Katy Wedderburn warns that staff and managers in colleges are about to face tough new employment laws
A RECENT survey found that a high proportion of UK employees leave their jobs, not because they feel they are underpaid or undervalued but because they cannot get along with their boss.
Management training, especially on issues such as performance measurement, conditions of employment and disciplinary procedures, has never been more important.
A great many managers, not only within the education sector, struggle as a result of the plethora of employment legislation. But this year a new Employment Act will increase significantly the importance of following specific procedures in relation to disciplinary and grievance issues and will have an enormous impact on the management of employees.
The Act will require minimum disciplinary and grievance standards in all employment contracts. Compensation awards may already be increased by up to 50 per cent by a tribunal if statutory minimum standards are not met.
The training we provide emphasises the importance of understanding the application of the new rules, not just by lecturing, but by workshop practice and role play. The key lies in helping managers to have the confidence to handle situations through an understanding of how the standards should be applied. Mock disciplinary hearings and employment tribunals show how the law works in practice and highlights the type of approaches that would be considered unacceptable.
Sometimes there is a challenge in FE institutions when managers are permitted to work to their own rules and there is a culture which does not follow fair employment procedures. Employee relations are a key issue in a sector where, for example, lecturers may be underperforming and the culture of the institution can be characterised by limited turnover of staff, and an attitude of "them and us".
Ideally, employees in every occupational sector, not least education, should be subject to regular appraisals and review of performance. In the FE sector, it can take between six months and a year to weed out underperformers who are letting down both the institution and the students it serves.
Many cases end up at employment tribunals because the skill sets available to managers are not sufficient for the task which needs to be undertaken.
The message is that anyone with responsibility for managing staff must be aware of the parameters they have to work in. Not least, they must ensure that every contract of employment contains detailed terms and conditions, for example, referring to disciplinary and grievance procedures, equal opportunities, e-mail and internet use.
The new Act will also put an onus on employees to make sure that they, too, follow minimum grievance procedures before they will be entitled to claim constructive or unfair dismissal at a tribunal. Failure to do so will allow the tribunal to slash any compensation by up to 50 per cent.
Historically, employers thought that if they dismissed an employee within their first year of employment they would be immune from unfair dismissal claims except in particular circumstances.

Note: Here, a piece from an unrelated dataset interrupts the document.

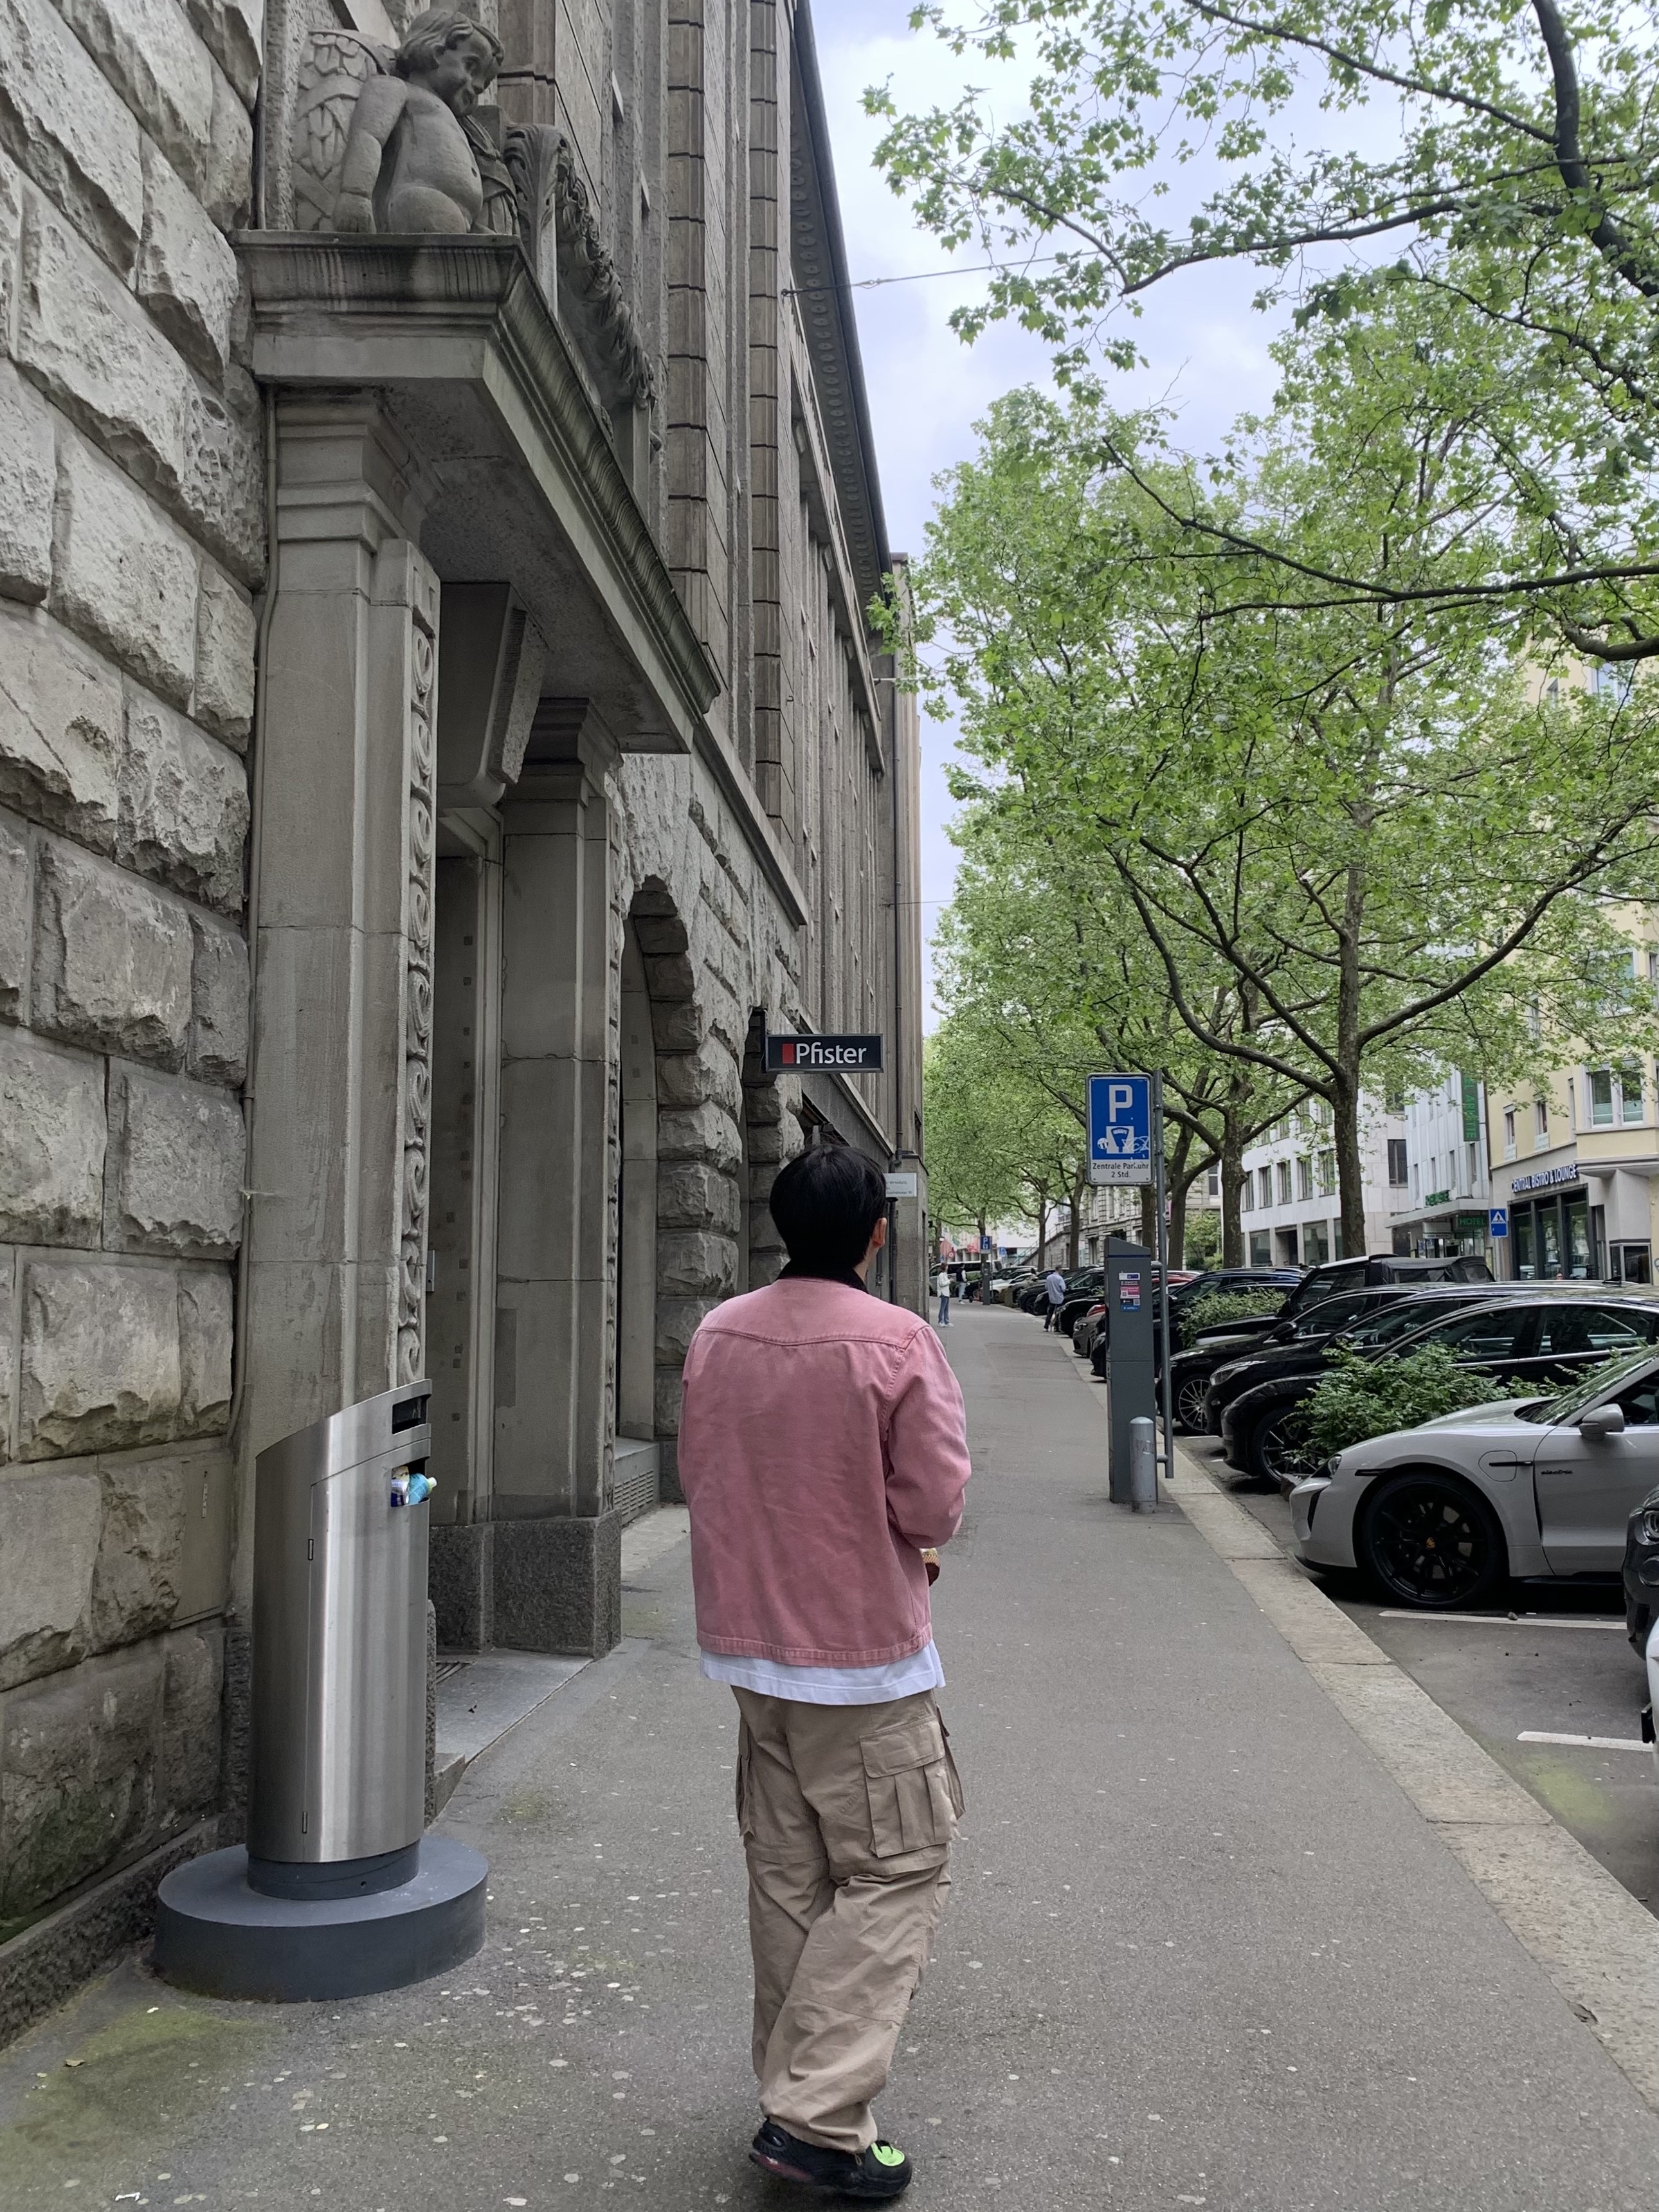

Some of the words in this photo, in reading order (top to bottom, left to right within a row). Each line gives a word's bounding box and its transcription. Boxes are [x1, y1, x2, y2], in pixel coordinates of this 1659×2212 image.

Under the new procedures, if an employee is dismissed without notice and without the minimum standard procedures being adhered to towards the end of their first year of employment, the tribunal may determine that, had notice been given or the statutory procedures complied with, the employee would have had the necessary qualifying length of service (one year's continuous service).
New rules on maternity, paternity, adoption leave and flexible working, which are part of the Government's policy of encouraging family friendly policies in the workplace, will be implied in contracts of employment.
To some extent they may already be incorporated into the contractual rights offered in further education establishments. But the message to managers is that they must play by the rules or expect to pay the consequences.
Katy Wedderburn is a senior associate specialising in employment law at MacRoberts Solicitors.